Di sisi lain, Alya tahu kalau ikut jalan itu berarti harus mengorbankan prinsip dan kepercayaan teman-teman OSIS yang mengandalkan kerja keras dan keterbukaan.
Suatu sore, Alya duduk di ruang OSIS, dikelilingi anggota lain yang mulai memperhatikan perubahan sikapnya.

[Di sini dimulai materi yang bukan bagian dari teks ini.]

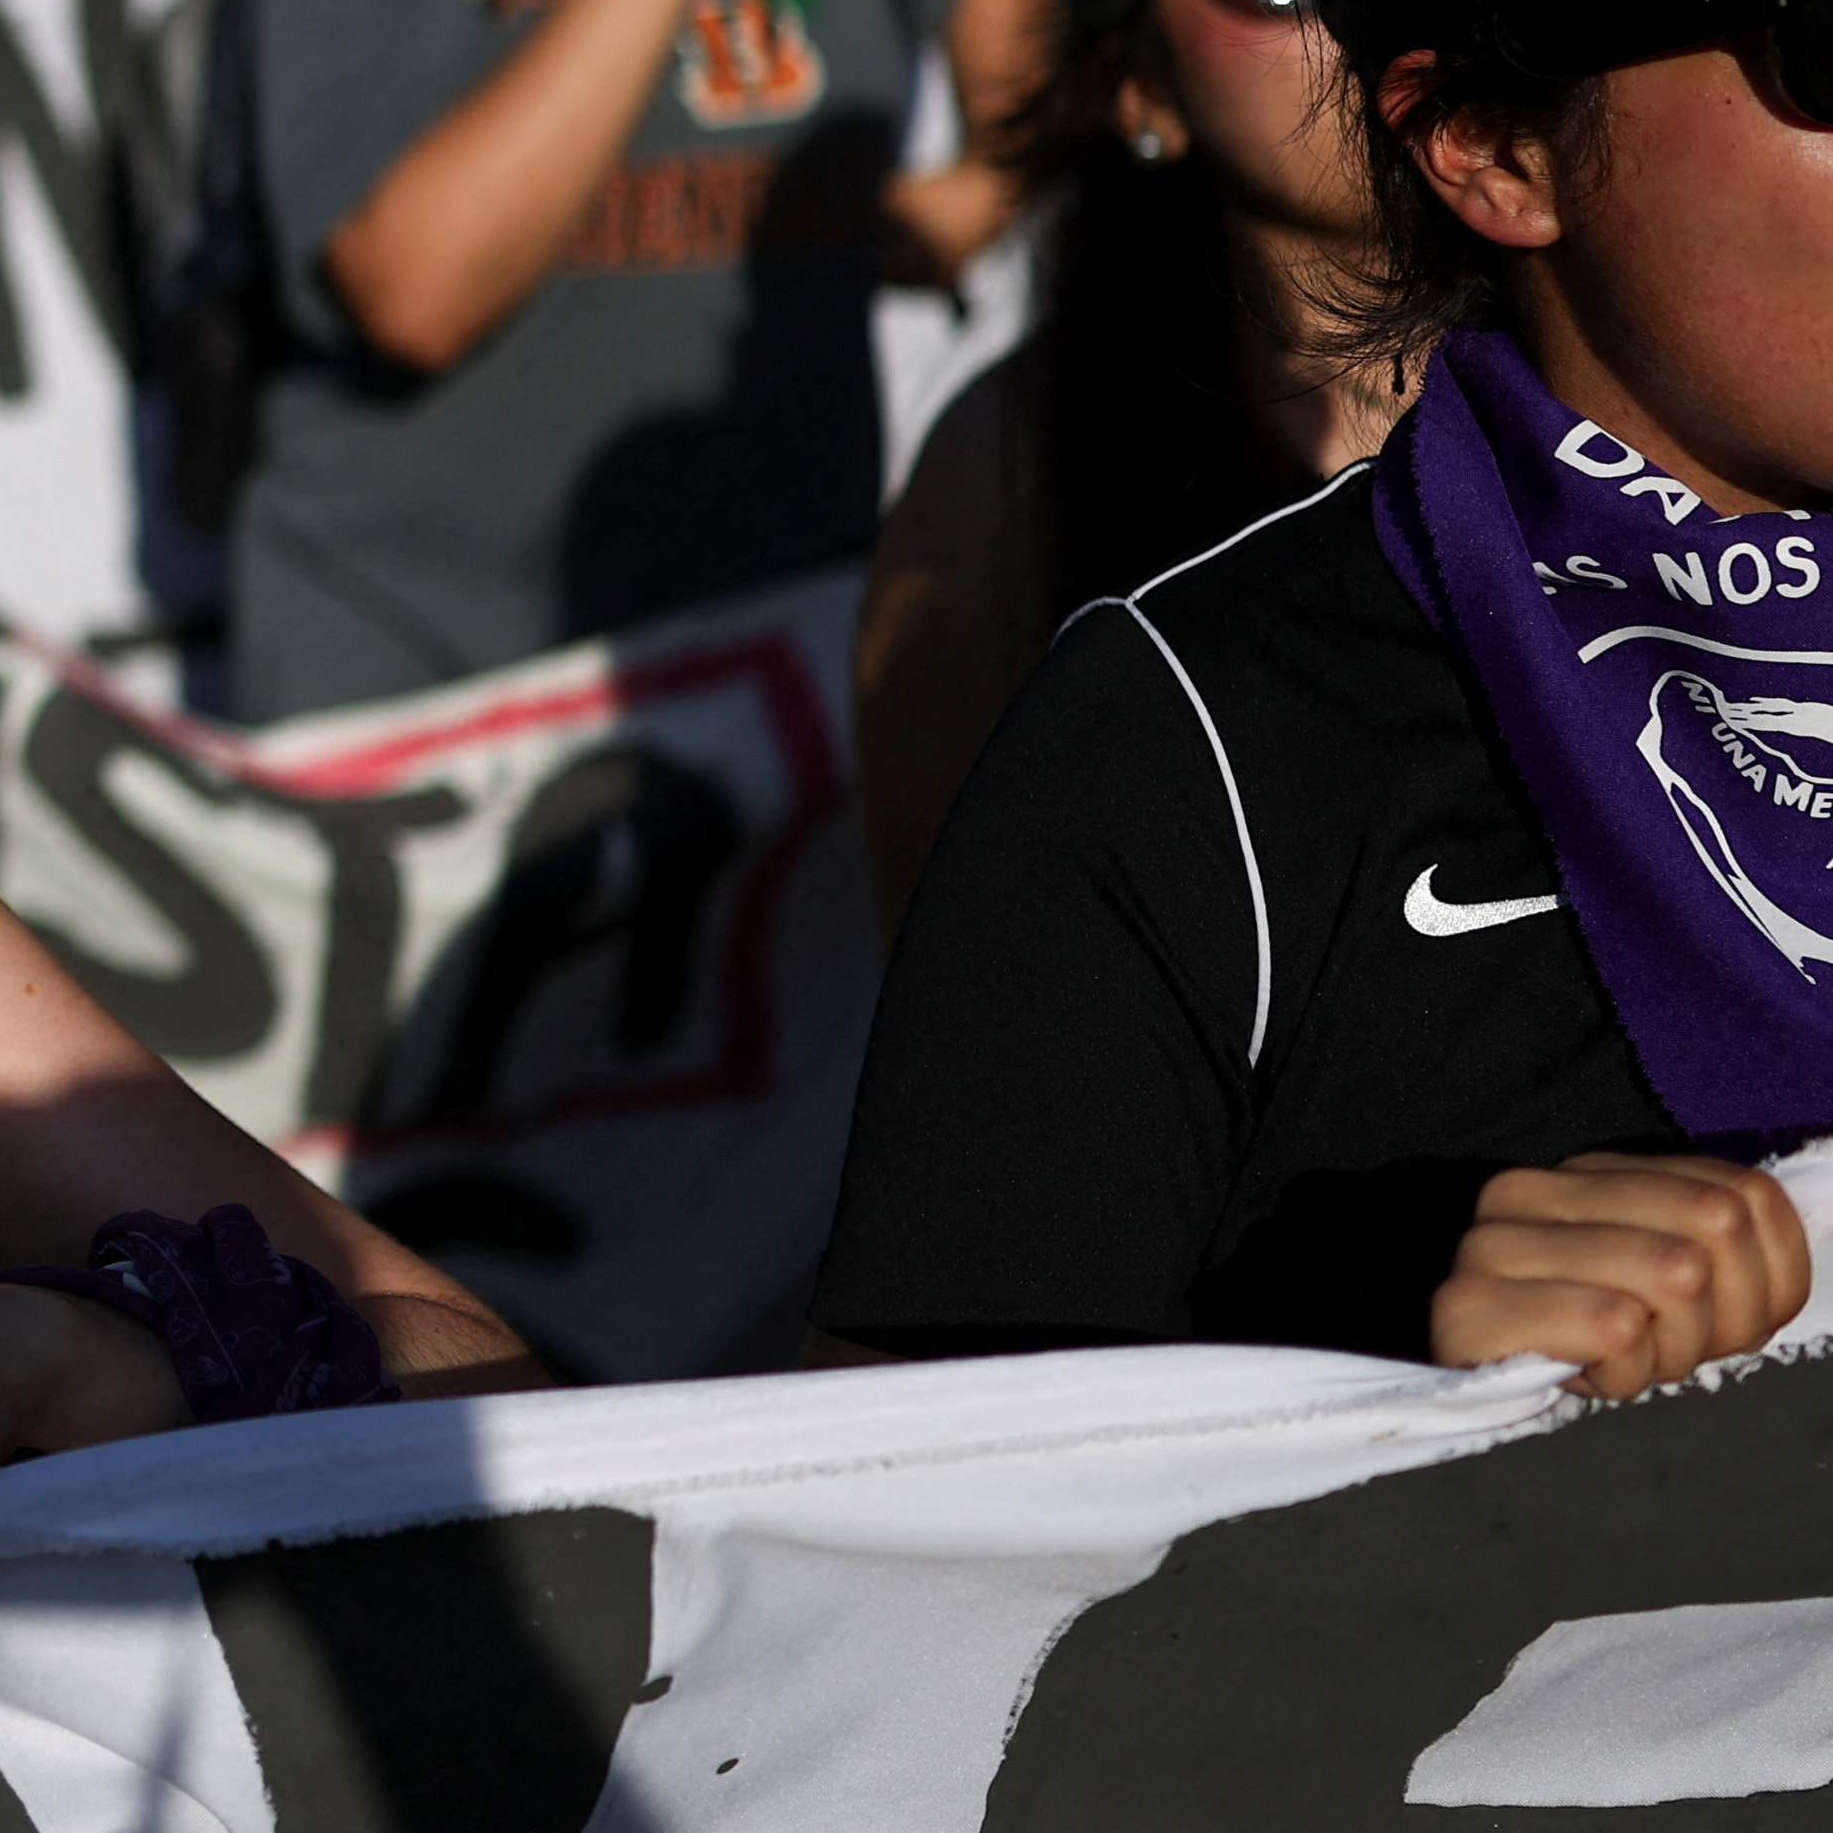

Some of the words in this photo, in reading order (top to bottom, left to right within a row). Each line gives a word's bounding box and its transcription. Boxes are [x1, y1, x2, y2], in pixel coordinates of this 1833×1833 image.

[1652, 535, 1821, 606] NOS
[1680, 680, 1717, 714] NI
[1711, 721, 1767, 793] UNA
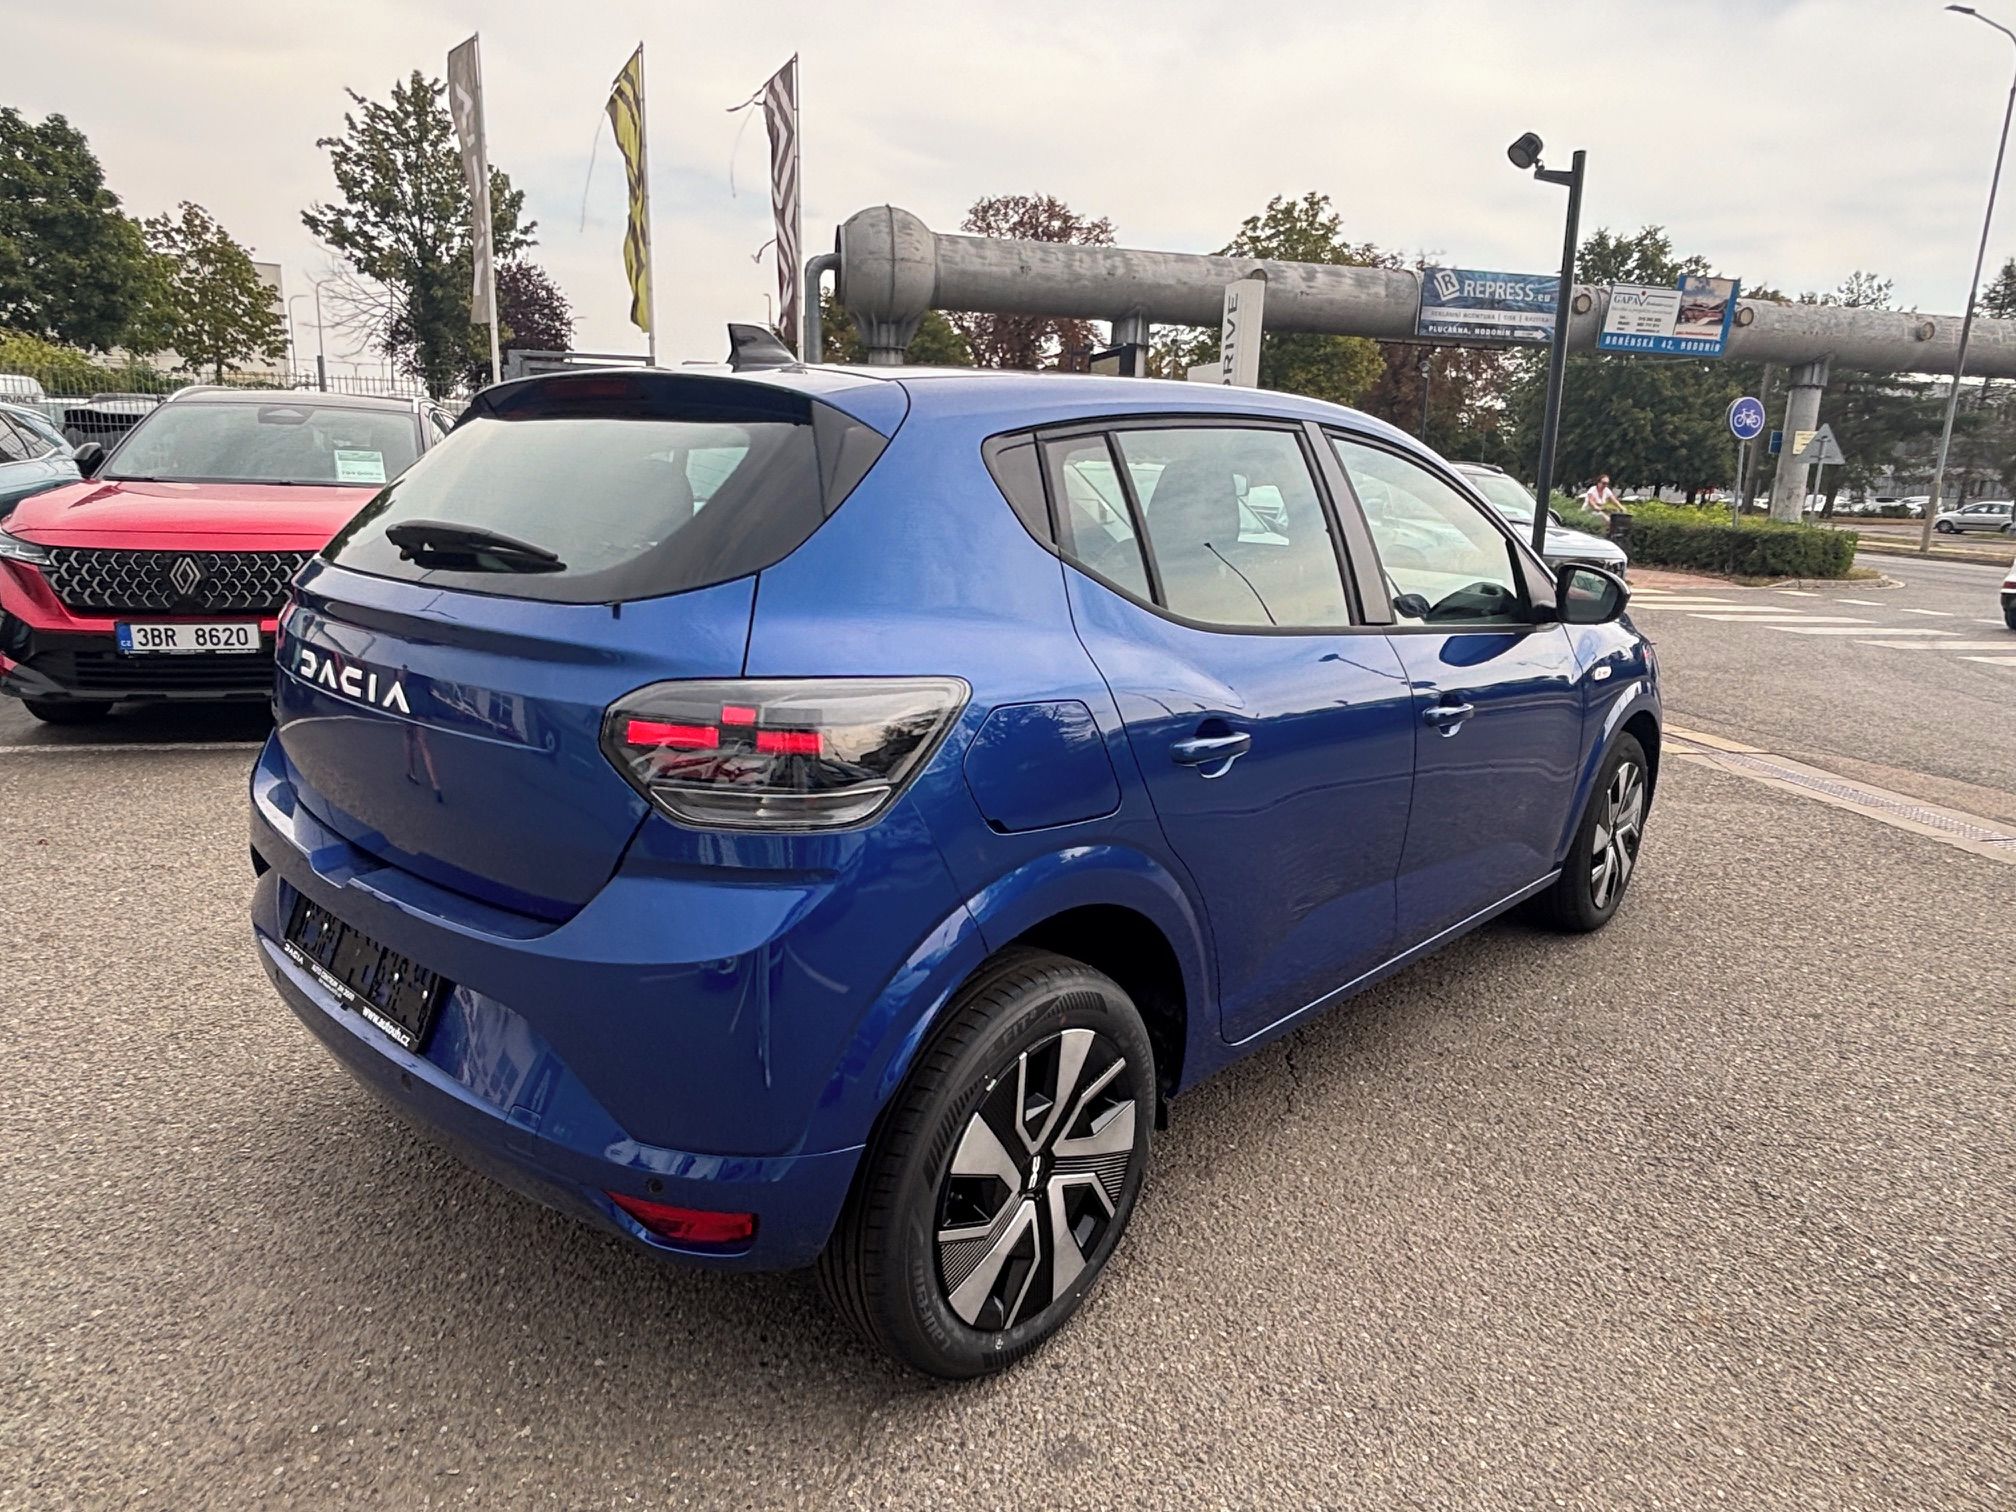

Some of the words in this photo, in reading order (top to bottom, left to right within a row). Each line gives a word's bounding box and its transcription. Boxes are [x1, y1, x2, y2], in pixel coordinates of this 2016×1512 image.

“Tolong, Alya,” kata Rina dengan suara pelan tapi tegas. “Kita harus bersatu. Jangan biarkan geng itu menguasai semuanya.”
Sari menambahkan, “Aku tahu kamu kuat. Jangan biarkan teman-temanmu terpecah.”
Alya menghela napas. Dalam hatinya, ia masih teringat pesan misterius itu.
Malam harinya, Alya menghubungi Reno via chat.
“Kita perlu bicara, secara jujur.”
Reno membalas cepat.
“Aku tunggu di taman belakang sekolah jam 8 malam.”
Di bawah sinar bulan, mereka bertemu.
“Kenapa kamu bersembunyi di balik geng?” tanya Alya.
Reno tersenyum pahit.
“Aku nggak mau kayak dulu. Dulu aku anak yang diabaikan, disalahpahami. Geng ini bukan cuma soal kuasa, tapi juga perlindungan.”
Alya terdiam.
“Kamu ingin buktikan sesuatu?”
Reno mengangguk.
“Tapi aku juga gak mau nyakitin siapa-siapa.”
Alya tersenyum lemah.
“Kita bisa buat pensi ini sukses tanpa harus korbankan siapa pun. Dengan kerja sama dan kejujuran.”
Reno memandangnya lama, lalu mengangguk.
“Setuju. Kita mulai dari sini.”
Hari berikutnya, Alya mengumumkan rencana gabungan antara ide kreatif Reno yang didukung dengan semangat kerja tim OSIS.
Persiapan pensi jadi penuh semangat baru, dengan harapan dan kepercayaan yang mulai tumbuh.